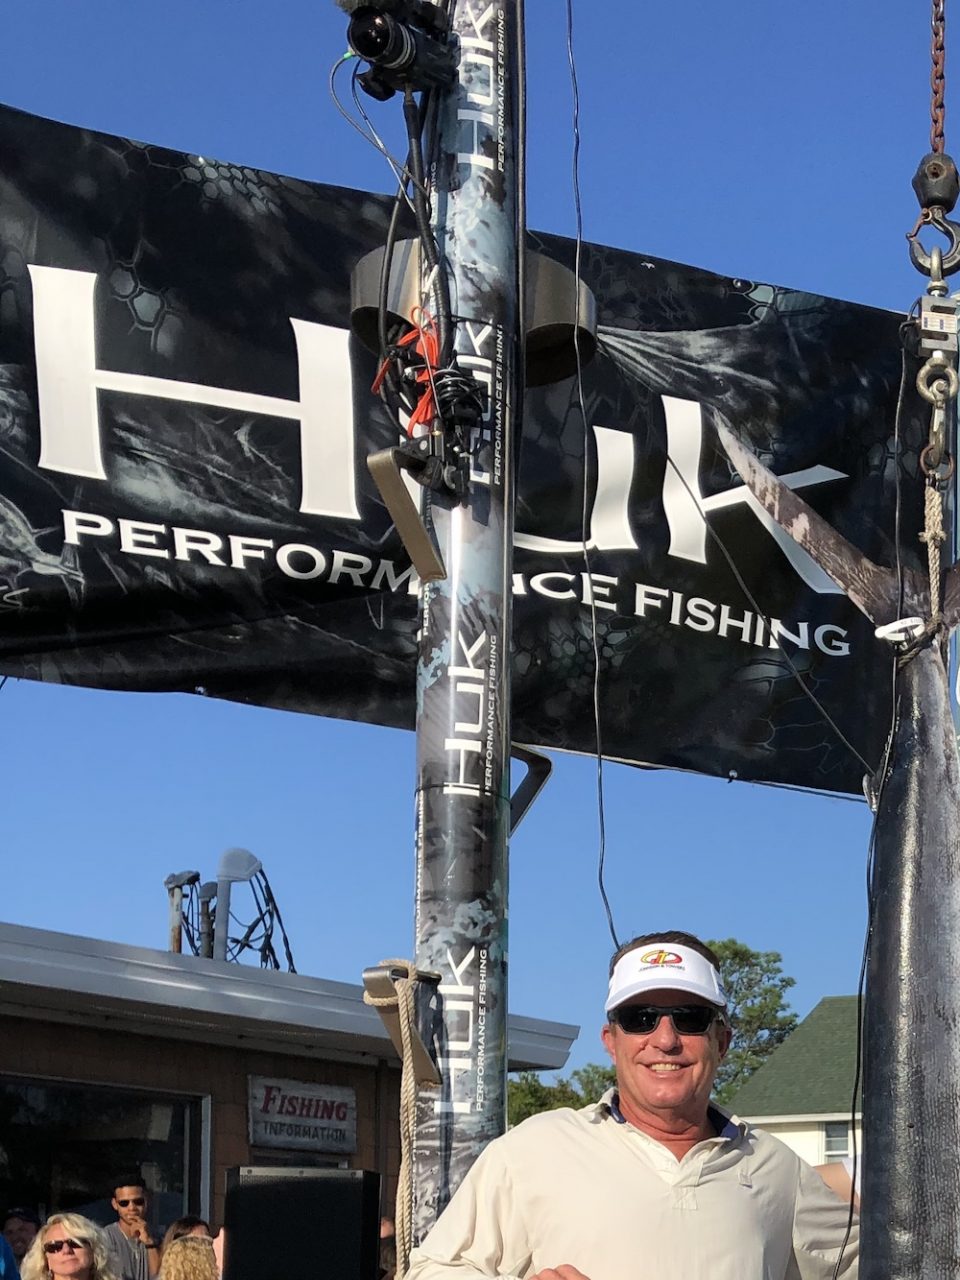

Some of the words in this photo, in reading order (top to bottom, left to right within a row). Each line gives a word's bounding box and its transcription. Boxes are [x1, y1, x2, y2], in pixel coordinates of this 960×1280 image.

[497, 8, 505, 63] FISHING
[496, 66, 505, 172] PERFORMANCE
[494, 382, 503, 485] PERFORMANCE
[61, 509, 619, 612] PERFORMCE
[634, 582, 851, 657] FISHING
[489, 634, 497, 689] FISHING
[484, 692, 495, 796] PERFORMANCE
[479, 948, 487, 1006] FISHING
[476, 1010, 486, 1112] PERFORMANCE
[260, 1085, 348, 1121] FISHING
[263, 1121, 346, 1141] INFORMATION

### Exercise aim
Every entry, word for word: repeat it, but skip the images.

### Response to the task
Some of the words in this photo, in reading order (top to bottom, left to right within a row). Each line gives a word's bounding box and its transcription. Boxes are [x1, y1, x2, y2], in pixel coordinates of this 960×1280 image.

[497, 8, 505, 63] FISHING
[496, 66, 505, 172] PERFORMANCE
[494, 382, 503, 485] PERFORMANCE
[61, 509, 619, 612] PERFORMCE
[634, 582, 851, 657] FISHING
[489, 634, 497, 689] FISHING
[484, 692, 495, 796] PERFORMANCE
[479, 948, 487, 1006] FISHING
[476, 1010, 486, 1112] PERFORMANCE
[260, 1085, 348, 1121] FISHING
[263, 1121, 346, 1141] INFORMATION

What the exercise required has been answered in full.